Boy Was Held Away From His Mother for Several Hours

White House Press Secretary Sean Spicer, under fire from the press corps over President Donald Trump‘s likely unconstitutional Muslim ban, heartily defended Friday’s chaotic rollout by supporting the hours-long detention and separation of a five-year old from his mother. 

The 5-year old son of Shohreh Rahnama, a resident of Bethesda, Maryland “was detained for several hours at Dulles Airport after a flight from Istanbul on Saturday night,” The Washington Post reports.

The child, whose name according to the Post is Artiman Jalali, “was born in the United States and has dual citizenship with Iran. He was traveling back from visiting relatives with his cousin, 25-year-old Aida Mohammadi, a University of Maryland student and a green-card holder.”

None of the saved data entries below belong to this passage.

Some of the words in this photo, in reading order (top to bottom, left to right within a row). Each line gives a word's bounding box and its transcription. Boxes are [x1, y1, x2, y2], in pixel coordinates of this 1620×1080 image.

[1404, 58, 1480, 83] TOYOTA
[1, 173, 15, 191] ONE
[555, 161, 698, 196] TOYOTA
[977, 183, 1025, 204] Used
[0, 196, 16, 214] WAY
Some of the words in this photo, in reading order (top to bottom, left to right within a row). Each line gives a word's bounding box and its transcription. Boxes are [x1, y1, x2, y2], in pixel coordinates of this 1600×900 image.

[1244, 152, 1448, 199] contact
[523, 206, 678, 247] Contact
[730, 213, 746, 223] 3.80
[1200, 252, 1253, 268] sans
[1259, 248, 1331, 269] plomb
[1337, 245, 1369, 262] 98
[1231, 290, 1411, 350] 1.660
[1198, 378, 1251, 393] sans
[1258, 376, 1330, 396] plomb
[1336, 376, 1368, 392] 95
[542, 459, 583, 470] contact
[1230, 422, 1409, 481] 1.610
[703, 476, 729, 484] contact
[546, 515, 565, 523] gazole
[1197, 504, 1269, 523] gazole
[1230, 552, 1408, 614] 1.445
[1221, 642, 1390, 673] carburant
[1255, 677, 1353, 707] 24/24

Rahnama said she waited for hours at the airport with friends and family and a growing crowd of strangers who came to support them and others whose loved ones were detained. Artiman and Mohammadi were finally released around midnight. “He was hungry and he was thirsty, and I could not see him,” she said.

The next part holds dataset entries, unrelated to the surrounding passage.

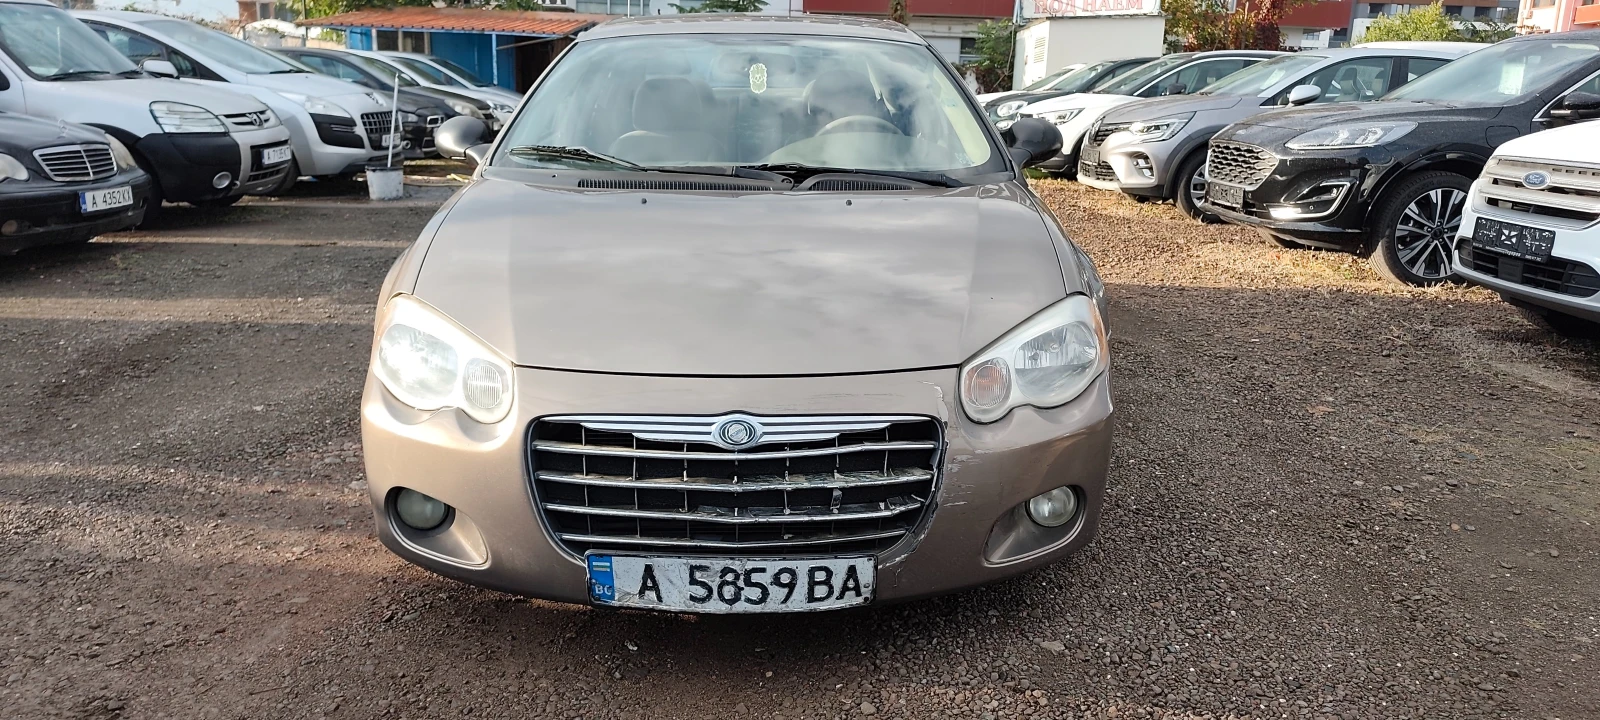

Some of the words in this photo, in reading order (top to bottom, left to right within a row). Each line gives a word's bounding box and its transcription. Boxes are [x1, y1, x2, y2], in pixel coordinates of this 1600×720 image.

[1082, 0, 1143, 12] НАЕМ
[92, 193, 98, 209] A
[637, 563, 664, 604] A
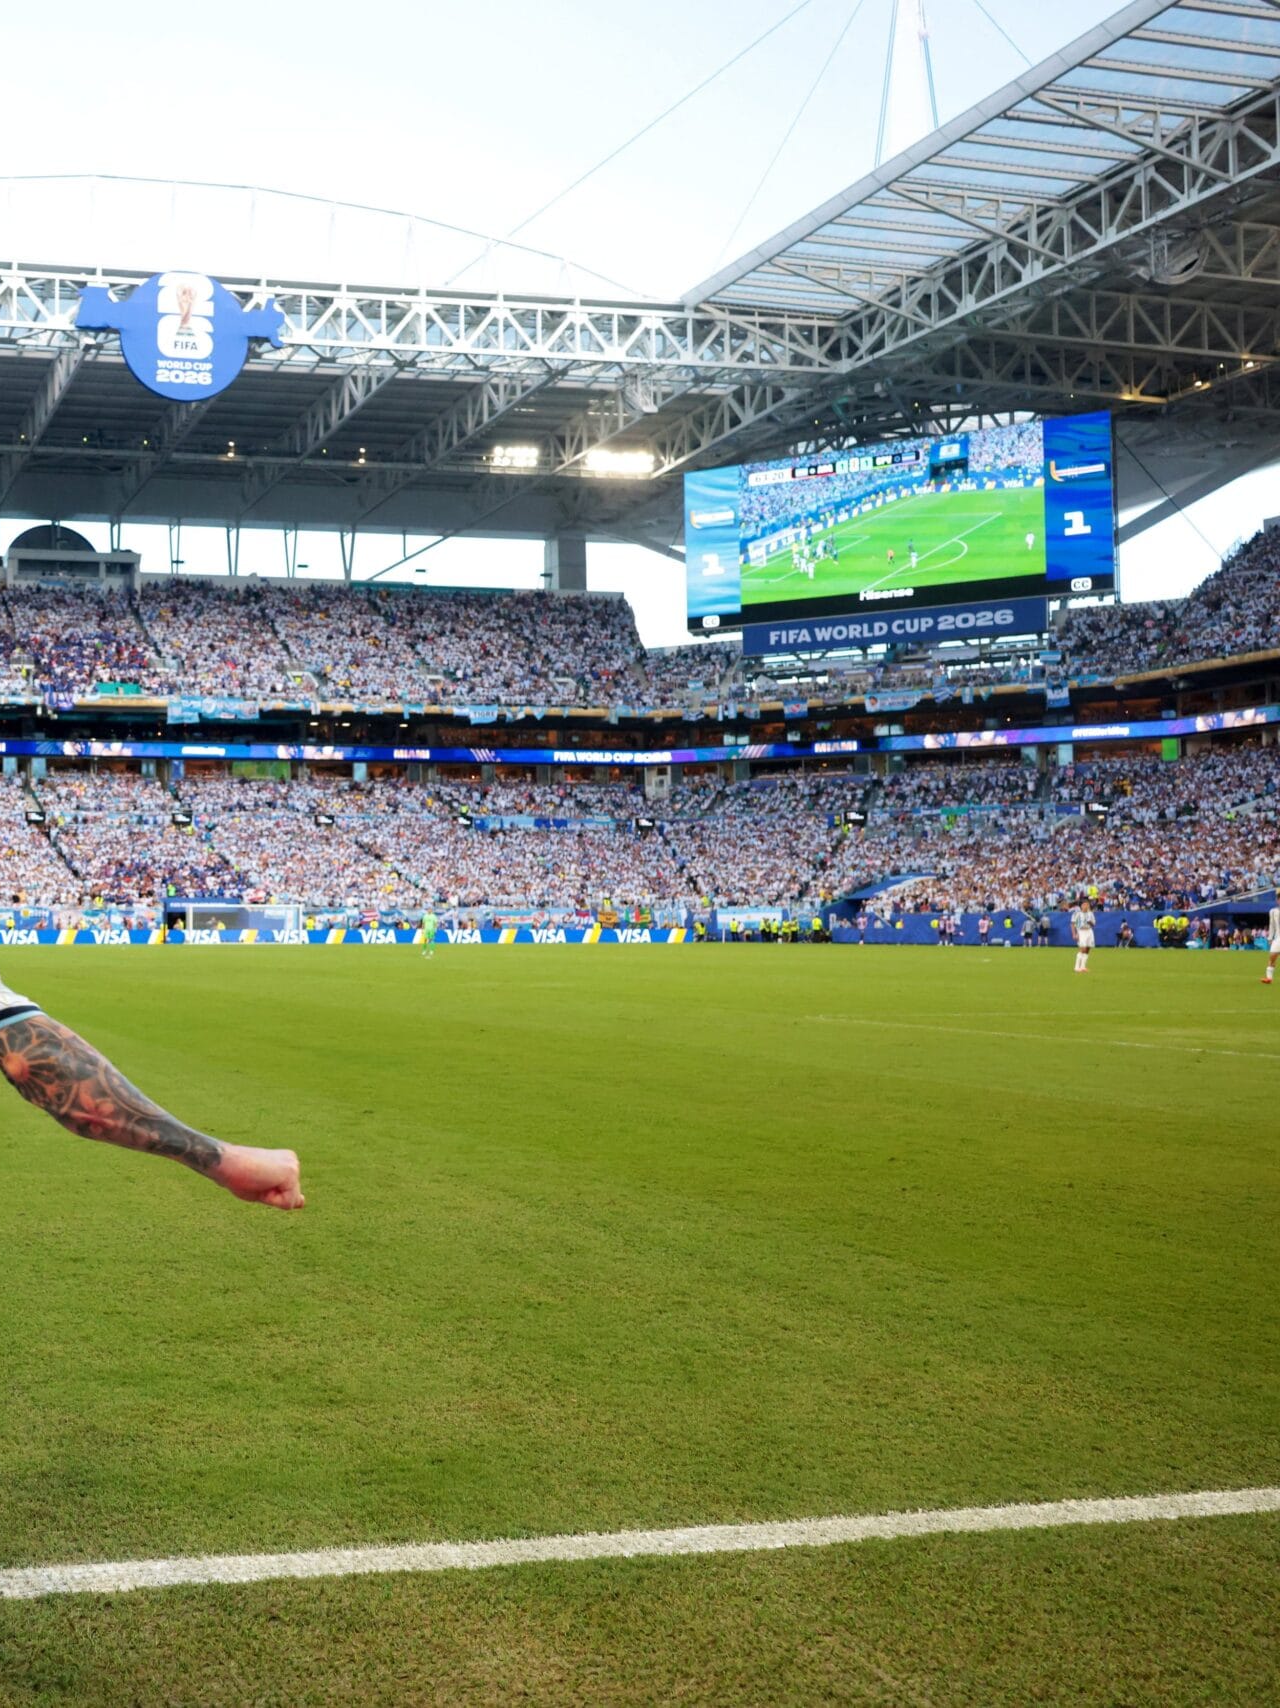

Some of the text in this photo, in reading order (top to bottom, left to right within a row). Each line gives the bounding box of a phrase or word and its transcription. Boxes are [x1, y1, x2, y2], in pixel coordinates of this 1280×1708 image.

[173, 340, 198, 351] FIFA
[157, 360, 213, 371] WORLD CUP
[156, 369, 212, 385] 2026
[1063, 510, 1092, 537] 1
[701, 553, 725, 576] 1
[859, 586, 914, 602] Hisense
[769, 609, 1014, 646] FIFA WORLD CUP 2026
[814, 739, 859, 753] MIAMI
[393, 748, 430, 760] MIAMI
[553, 751, 672, 764] FIFA WORLD CUP 2026
[92, 930, 131, 945] VISA
[183, 929, 221, 945] VISA
[271, 930, 310, 945] VISA
[358, 929, 397, 944] VISA
[444, 929, 482, 944] VISA
[530, 929, 566, 944] VISA
[615, 929, 652, 944] VISA

“How can a 5-year-old be banned? Just because his parents are Iranian? We are American, too,” she said. “I almost died in that airport. I can say it was the worst day of my life.”

Here’s video of that encounter, via ABC affiliate WJLA:

After downplaying the international crisis trump’s executive order caused by claiming that only “109 were temporarily inconvenienced for the safety of us all,” here’s how White House press secretary Sean Spicer defended the detention of five-year old Jalali.

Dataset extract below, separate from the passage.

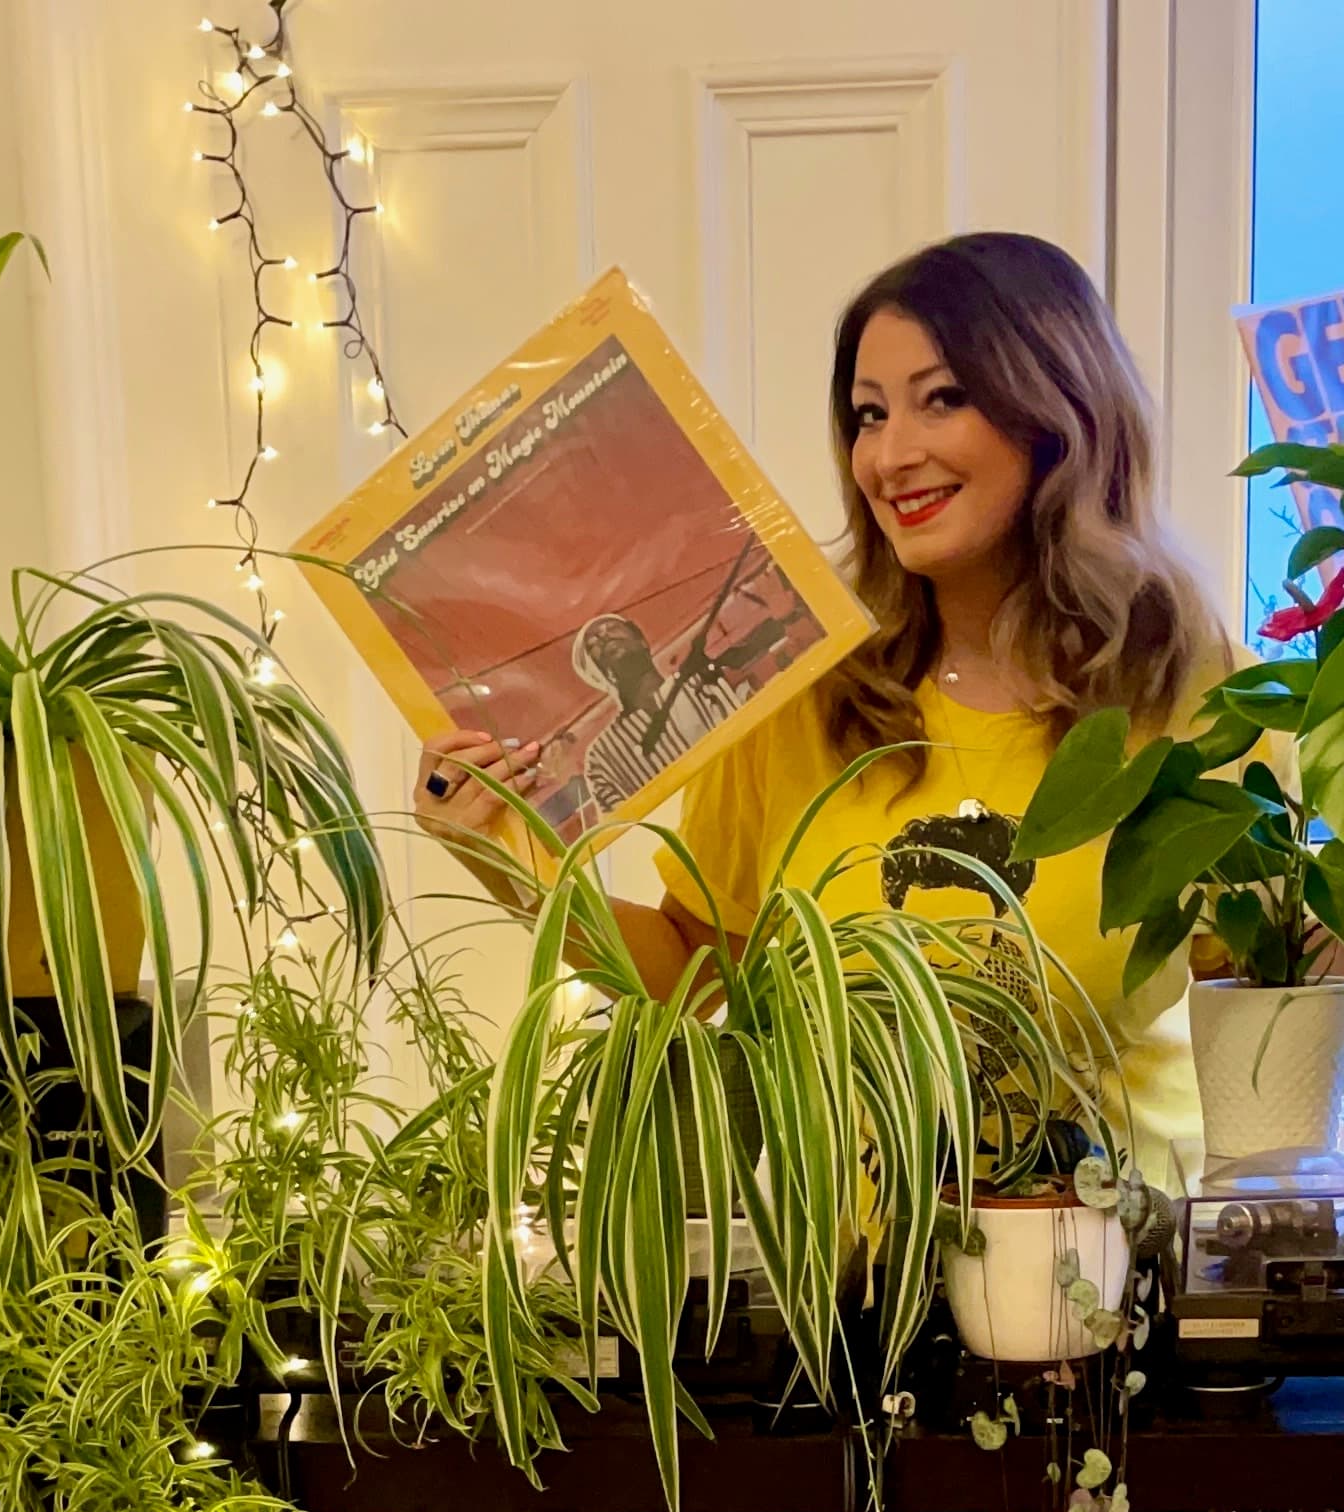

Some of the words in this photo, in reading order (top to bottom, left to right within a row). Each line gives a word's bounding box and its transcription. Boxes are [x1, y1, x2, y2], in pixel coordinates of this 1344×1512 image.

“That’s why we slow [the process] down a little,” Spicer said at Monday afternoon’s daily press briefing, as Vox reports. “To make sure that if they are a 5-year-old, that maybe they’re with their parents and they don’t pose a threat. But to assume that just because of someone’s age or gender or whatever that they don’t pose a threat would be misguided and wrong.”

Jalali was given no such accommodation.

Here’s Spicer:

And remember, Jalali is a U.S. citizen. Apparently his citizenship does not protect him in the eyes of the Trump administration.

Despite the emotionally devastating event on Saturday, the child and his mother attended a protest on Sunday.

Bravely, she had some strong words for President Trump.

“I am here to say: ‘You cannot do this. You are our servant. The people elected you,’ ” she told the Washington Post. “Other countries are thirsty for the rights we have in America. We can’t become a dictatorship.”